Cherry Grove has a really cool operation just north of Princeton, NJ. I really want to take a field trip up there to see everything. Reading the description of their farm lifts my spirits. Pasture raised cows producing luscious milk which makes delicious cheese. The whey from the cheese making process going to the pigs which live in a forest in the middle of the property. 1,000 pasture raised chickens roaming free. Even the wood they use for heat and hot water is from a great and sustainable source: tree surgeons drop off piles off wood on their property.
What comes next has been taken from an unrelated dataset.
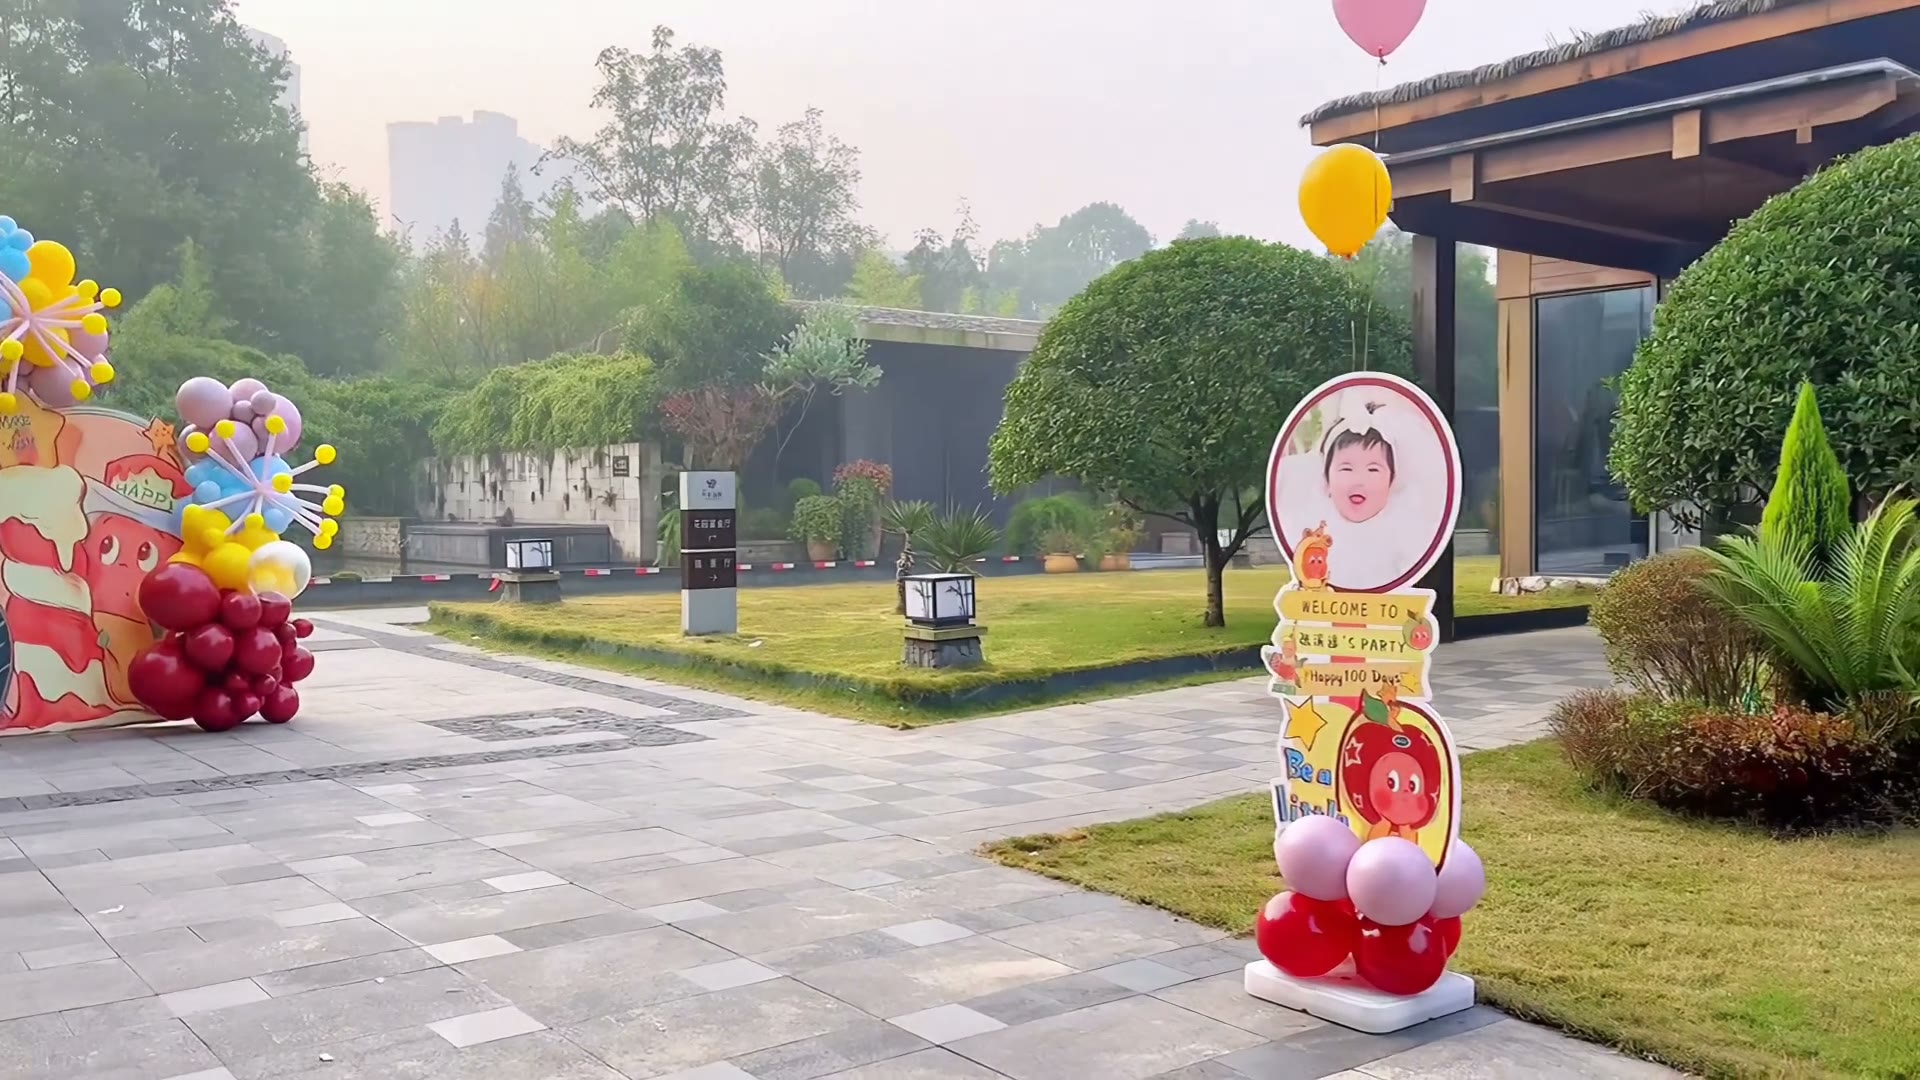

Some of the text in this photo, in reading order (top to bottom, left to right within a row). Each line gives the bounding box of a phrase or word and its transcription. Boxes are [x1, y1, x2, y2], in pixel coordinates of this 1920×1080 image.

This saves the surgeons money from dumping fees at landfills and this gives Cherry Grove free fuel! Awesome.
All of Cherry Grove's cheeses are available at Fair Food from (I think) $14.99 – $21.99 /lbs. We also have the Shippetaukin Blue, but I didn't cut any of it the other day, so no photos. It's an incredibly salty blue. Also on the crumbly side. I prefer my blues much creamier. A co-worker of mine couldn't finish the little chunk I cut for her as it was too salty. I'm pretty sure Whole Foods carries Cherry Grove cheeses and DiBruno Bros definitely does. I'm no good at pairing foods together, so you'll have to go somewhere else for that. I like cheese with just about everything. Happy munching!